Modular IOS is a version of Cisco IOS that employs a modern UNIX-based kernel to overcome some of the limitations of IOS.[3] Additional to this is the ability to perform patching of processes without rebooting the device and in service upgrades.

Online Insertion & Removal

OIR is a feature of the 6500 allowing hot swapping most line cards without first powering down the chassis. The advantage of this is that one may perform an in-service upgrade. However, before attempting this, it is important to understand the process of OIR and how it may still require a reload. To prevent bus errors, the chassis has three pins in each slot which correspond with the line card. Upon insertion, the longest of these makes first contact and stalls the bus (to avoid corruption). As the line card is pushed in further, the middle pin makes the data connection. Finally, the shortest pin removes the bus stall and allows the chassis to continue operation.
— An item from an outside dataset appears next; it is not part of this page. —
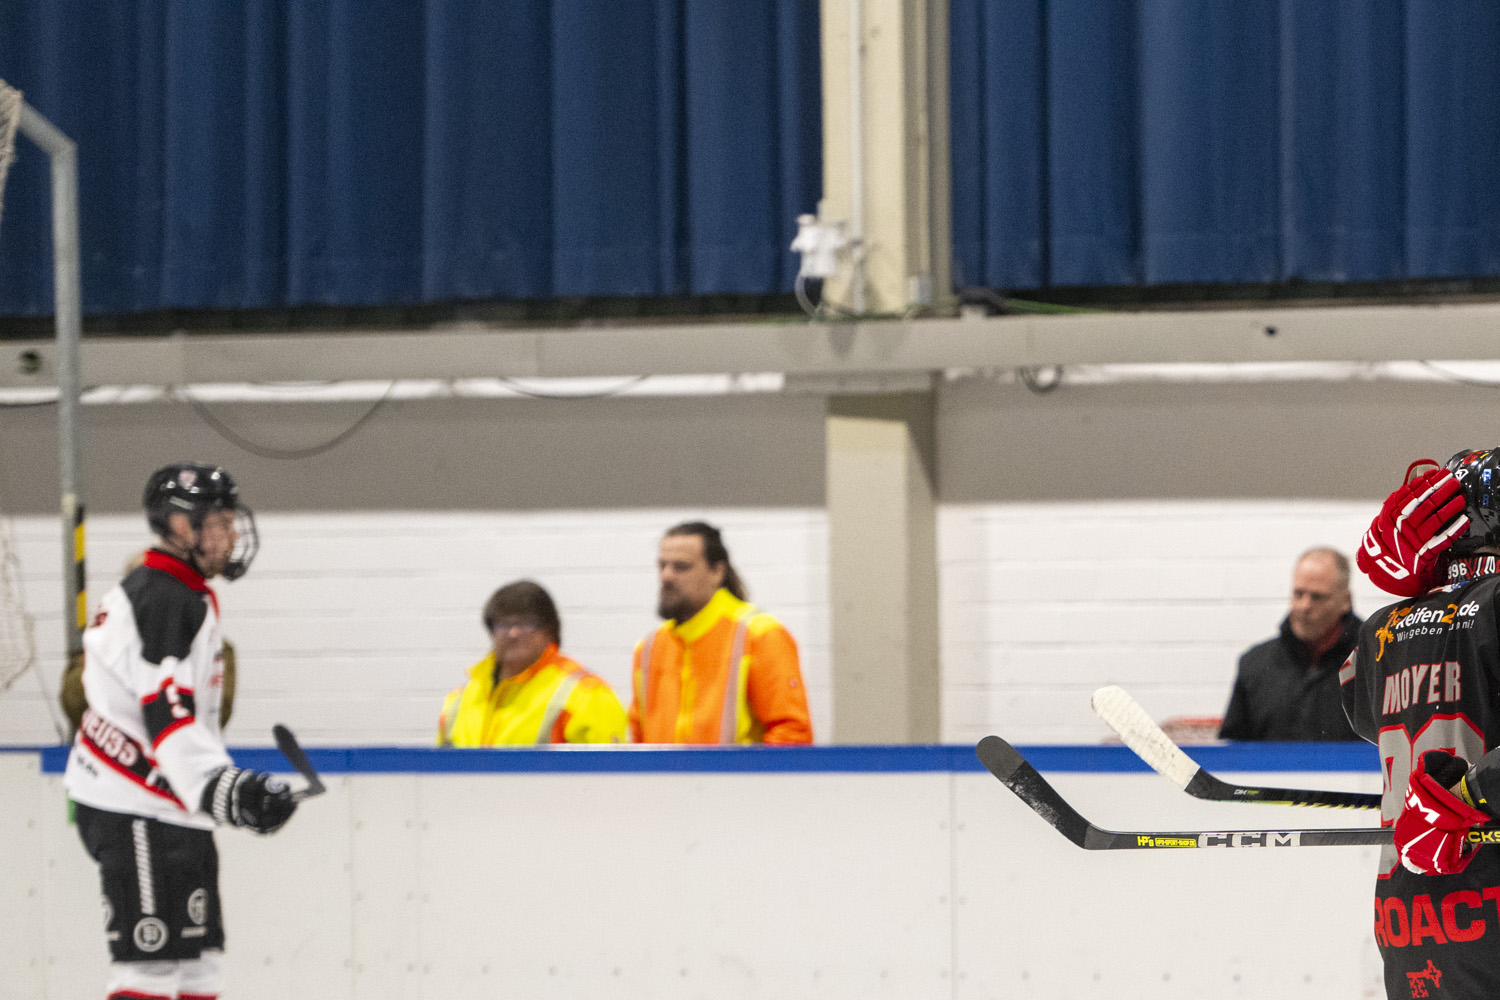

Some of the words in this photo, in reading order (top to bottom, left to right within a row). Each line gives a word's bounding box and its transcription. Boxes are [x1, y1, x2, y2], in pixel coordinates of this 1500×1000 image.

[1409, 625, 1443, 640] geben
[1381, 660, 1462, 716] MOYER
[1199, 832, 1300, 848] CCM
However, if any part of this operation is skipped, errors will occur (resulting in a stalled bus and ultimately a chassis reload). Common problems include:
  • Line cards being inserted incorrectly (and thus making contact with only the stall and data pins and thus not releasing the bus)
  • Line cards being inserted too quickly (and thus the stall removal signal is not received)
  • Line cards being inserted too slowly (and thus the bus is stalled for too long and forces a reload)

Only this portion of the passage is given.